CLXXII

И однако это движение, движение Новейшего Спиритуализма встречают улюлюканьем и поношением в Риме, в Кантербери и даже в Литтл-Бетеле, впервые все трое выступают дружным хором и зовут в свои ряды таких странных союзников, как научные агностики и воинствующие атеисты. Отец Воган и епископ Лондонский, преподобный Ф. Б. Мейер и мистер Ююдд, «Чёрч тайме» и «Фрифинкер» объединились на поле брани, хотя боевые кличи их совершенно несхожи: одни кричат, что Спиритизм от дьявола, тогда как другим не менее нашего ясно, что такого персонажа на свете вовсе не существует.

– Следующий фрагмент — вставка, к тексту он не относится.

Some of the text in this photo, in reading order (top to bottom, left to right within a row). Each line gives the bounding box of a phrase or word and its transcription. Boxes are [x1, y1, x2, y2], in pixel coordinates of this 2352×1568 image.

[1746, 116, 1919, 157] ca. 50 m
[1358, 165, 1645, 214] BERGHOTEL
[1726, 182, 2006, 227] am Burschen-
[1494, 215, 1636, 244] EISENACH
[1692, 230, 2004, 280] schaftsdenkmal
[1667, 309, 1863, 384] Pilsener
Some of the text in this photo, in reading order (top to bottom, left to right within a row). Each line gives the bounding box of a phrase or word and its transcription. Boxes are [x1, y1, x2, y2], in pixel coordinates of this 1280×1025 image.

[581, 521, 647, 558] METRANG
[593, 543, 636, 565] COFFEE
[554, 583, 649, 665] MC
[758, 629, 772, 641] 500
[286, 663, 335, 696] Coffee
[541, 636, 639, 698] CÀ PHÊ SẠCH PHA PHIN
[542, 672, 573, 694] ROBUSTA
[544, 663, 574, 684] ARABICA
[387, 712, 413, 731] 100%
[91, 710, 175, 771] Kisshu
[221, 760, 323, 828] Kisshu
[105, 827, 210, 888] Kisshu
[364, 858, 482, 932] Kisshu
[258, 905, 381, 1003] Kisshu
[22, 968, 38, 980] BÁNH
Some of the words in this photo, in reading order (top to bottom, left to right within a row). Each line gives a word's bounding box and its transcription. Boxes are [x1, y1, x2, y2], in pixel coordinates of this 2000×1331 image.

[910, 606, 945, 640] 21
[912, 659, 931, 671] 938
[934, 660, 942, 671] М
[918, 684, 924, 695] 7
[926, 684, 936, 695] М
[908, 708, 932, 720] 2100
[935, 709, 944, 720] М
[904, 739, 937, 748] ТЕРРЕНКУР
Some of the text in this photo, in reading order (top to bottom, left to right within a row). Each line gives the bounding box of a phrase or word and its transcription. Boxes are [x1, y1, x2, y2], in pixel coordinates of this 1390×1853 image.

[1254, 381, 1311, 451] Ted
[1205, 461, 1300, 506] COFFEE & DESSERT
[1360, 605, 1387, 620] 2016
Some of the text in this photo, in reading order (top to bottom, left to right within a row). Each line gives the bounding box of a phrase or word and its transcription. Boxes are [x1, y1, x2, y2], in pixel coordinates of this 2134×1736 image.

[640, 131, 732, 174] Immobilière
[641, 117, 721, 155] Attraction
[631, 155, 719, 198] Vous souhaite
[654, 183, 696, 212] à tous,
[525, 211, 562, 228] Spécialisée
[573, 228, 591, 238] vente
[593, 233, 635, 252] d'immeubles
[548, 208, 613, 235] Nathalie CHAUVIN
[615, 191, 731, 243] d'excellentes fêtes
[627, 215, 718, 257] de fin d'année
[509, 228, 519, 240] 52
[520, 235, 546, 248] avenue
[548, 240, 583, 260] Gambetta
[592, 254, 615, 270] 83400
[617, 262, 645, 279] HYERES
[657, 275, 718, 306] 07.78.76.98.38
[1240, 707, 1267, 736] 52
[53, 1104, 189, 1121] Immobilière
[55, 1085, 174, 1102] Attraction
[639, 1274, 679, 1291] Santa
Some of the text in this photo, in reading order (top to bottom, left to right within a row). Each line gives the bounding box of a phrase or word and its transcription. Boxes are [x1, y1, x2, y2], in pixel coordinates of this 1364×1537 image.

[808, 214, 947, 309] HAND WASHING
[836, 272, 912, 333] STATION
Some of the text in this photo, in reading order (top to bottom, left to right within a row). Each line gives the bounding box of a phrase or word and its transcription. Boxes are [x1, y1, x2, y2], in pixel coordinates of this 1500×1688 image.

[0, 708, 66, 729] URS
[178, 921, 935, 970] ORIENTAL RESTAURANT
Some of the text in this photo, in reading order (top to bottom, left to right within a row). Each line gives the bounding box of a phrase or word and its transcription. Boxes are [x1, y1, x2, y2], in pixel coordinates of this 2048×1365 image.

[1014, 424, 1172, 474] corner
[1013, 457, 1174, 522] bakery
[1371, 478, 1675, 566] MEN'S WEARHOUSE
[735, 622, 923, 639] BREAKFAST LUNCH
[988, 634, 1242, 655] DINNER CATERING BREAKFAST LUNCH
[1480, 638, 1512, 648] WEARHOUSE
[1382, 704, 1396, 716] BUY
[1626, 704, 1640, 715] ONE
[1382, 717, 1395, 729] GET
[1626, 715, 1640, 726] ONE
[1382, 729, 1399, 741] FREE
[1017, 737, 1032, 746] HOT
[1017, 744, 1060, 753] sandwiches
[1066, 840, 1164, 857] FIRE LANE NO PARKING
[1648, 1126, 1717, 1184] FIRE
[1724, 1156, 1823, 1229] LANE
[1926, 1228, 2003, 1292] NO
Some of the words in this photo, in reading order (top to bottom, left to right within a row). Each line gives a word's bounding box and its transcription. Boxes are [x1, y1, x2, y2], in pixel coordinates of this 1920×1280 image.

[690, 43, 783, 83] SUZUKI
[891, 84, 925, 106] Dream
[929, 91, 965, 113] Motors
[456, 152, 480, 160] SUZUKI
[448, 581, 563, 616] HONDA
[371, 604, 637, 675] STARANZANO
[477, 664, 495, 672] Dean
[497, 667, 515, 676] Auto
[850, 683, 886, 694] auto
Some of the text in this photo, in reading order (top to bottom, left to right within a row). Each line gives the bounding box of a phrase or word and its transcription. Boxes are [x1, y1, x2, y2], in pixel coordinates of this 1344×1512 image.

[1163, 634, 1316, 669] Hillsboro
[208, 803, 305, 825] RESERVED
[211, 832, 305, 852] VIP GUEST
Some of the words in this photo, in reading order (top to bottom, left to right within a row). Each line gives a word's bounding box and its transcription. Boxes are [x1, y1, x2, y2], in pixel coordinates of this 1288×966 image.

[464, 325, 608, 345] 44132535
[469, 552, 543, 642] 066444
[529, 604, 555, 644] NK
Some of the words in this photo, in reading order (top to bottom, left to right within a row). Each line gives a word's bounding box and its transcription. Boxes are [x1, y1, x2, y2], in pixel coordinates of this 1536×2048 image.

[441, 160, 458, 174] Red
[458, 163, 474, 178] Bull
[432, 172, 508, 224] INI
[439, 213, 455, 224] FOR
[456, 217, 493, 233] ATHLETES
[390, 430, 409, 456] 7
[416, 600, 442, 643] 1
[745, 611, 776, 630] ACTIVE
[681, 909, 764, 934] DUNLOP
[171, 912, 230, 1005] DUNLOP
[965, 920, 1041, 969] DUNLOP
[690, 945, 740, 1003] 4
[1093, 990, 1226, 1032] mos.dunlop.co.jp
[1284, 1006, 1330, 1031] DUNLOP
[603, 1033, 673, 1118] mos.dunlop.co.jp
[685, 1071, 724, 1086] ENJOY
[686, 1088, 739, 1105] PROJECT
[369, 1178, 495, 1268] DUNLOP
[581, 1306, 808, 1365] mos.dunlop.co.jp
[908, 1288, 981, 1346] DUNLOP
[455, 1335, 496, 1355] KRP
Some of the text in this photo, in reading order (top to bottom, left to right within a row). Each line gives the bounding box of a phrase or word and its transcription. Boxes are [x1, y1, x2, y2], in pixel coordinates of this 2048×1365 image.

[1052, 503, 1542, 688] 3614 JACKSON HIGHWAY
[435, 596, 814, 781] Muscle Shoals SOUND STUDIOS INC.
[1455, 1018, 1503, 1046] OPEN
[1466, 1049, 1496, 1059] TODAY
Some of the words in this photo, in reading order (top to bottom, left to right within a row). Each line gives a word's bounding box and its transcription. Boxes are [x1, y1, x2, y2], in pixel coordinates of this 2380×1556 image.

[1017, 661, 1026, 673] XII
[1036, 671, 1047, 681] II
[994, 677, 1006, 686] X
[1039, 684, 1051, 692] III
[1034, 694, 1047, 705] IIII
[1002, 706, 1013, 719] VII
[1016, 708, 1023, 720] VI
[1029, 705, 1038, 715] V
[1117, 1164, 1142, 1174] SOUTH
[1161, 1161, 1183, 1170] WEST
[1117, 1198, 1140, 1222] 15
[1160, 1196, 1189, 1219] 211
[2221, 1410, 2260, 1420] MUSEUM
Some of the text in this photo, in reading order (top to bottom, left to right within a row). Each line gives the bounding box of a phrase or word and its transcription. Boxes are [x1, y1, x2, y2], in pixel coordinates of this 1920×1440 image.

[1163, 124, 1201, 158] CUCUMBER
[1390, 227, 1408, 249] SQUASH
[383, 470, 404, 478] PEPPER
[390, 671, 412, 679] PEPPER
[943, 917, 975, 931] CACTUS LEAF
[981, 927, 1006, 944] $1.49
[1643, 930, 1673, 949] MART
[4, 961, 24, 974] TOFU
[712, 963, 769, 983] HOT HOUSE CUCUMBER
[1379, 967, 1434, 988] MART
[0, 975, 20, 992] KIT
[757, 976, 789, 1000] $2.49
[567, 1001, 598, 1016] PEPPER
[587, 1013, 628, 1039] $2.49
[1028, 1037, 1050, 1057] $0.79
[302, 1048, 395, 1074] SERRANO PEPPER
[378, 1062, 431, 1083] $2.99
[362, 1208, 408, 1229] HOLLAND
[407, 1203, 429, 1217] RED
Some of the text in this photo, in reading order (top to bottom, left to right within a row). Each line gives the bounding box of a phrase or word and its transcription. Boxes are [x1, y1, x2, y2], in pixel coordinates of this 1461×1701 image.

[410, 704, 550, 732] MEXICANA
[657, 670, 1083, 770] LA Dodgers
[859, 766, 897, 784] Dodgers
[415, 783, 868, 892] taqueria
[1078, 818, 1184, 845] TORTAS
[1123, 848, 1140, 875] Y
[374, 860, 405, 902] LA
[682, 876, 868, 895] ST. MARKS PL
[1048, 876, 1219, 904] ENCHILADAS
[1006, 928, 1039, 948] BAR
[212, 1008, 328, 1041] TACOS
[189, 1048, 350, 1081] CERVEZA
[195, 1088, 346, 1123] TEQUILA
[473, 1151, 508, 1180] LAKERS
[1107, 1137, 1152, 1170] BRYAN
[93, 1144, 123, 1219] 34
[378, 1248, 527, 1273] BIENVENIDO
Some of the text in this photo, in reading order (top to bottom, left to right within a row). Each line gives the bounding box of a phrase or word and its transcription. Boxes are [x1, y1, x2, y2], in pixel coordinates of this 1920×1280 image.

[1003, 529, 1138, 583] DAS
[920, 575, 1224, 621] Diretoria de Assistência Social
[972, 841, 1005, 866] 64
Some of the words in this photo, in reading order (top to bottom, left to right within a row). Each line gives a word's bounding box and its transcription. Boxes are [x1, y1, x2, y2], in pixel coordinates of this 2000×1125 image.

Сопротивление материалистов вполне разумно: ведь ясно же, что если человек провёл всю жизнь, говоря «нет» всем потусторонним силам, то он попадает в поистине жалкое положение, когда после стольких лет оказывается вынужден признать, что вся его философия построена на песке и что с самого начала «да» было единственно правильным ответом. Но что касается религиозных корпораций, то какие слова могут выразить их глупость и утрату ими чувства реальности, если они не устремляются бегом навстречу своему крупнейшему за всю историю союзнику, который вмешался в сражение, дабы, внеся в него перелом, превратить их неизбежное поражение в восхитительную победу?

CLXXIII

Спиритизм, несомненно, наиболее важное дело на свете и заслуживает того, чтобы ему уделили время. При этом людей следует порицать только за то, что они пренебрегают им, но не за то, что подходят к нему с осторожностью. Я повторил бы здесь от собственного имени слова Теккерея. Он сказал одному оппоненту: «То, что Вы говорите, совершенно естественно, но если бы Вы видели то же, что довелось видеть мне. Вам бы пришлось изменить своё мнение». Нам следует приноравливать свои теории к фактам. Мы же до сей поры приноравливали факты к своим теориям. Если Вы пока ещё не среди наших сторонников, то это и совершенно правильно с Вашей стороны. Чтобы понять это учение. Вам нужно время. Мне самому на то понадобилось много лет. Сейчас же для меня нет ничего важнее этого, потому что я знаю, что здесь истина. Ведь знать — не то же, что верить. Спиритизм неисчерпаем. Это понимаешь, когда начинаешь его постигать. В нём десятки разных, достойных изучения областей. Когда вещи эти коснутся лично Вас, тогда только Вы и сможете понять и оценить всю их силу.

CLXXIV

Я много выступаю с лекциями. Но у меня никогда нет желания обратить аудиторию в свою веру. Я вообще не склонен питать доверие к подобным внезапным обращениям. Всё это мелко и поверхностно. Я стремлюсь единственно к тому, чтобы представить людям дело с наибольшей ясностью. Я просто говорю им всю правду, как она есть, и объясняю им, почему мы знаем, что это правда. На этом моя задача, собственно, и исполнена. Люди могут после этого принять предложенное мною или его отвергнуть. Если они мудры, то они непременно исследуют пути, мною указанные. Если же мудрость им несвойственна, то они просто упустят свой шанс. Я не хочу оказывать на них никакого давления или обязательно превращать их в своих сторонников. Это, в конце концов, их дело, а не моё. Как тонко подметил Лабрюйер: «Нужно стремиться лишь к тому, чтобы мыслить и говорить согласно истине, без всякого желания привить наши вкусы и убеждения другим: предприятие сие и без того грандиозно».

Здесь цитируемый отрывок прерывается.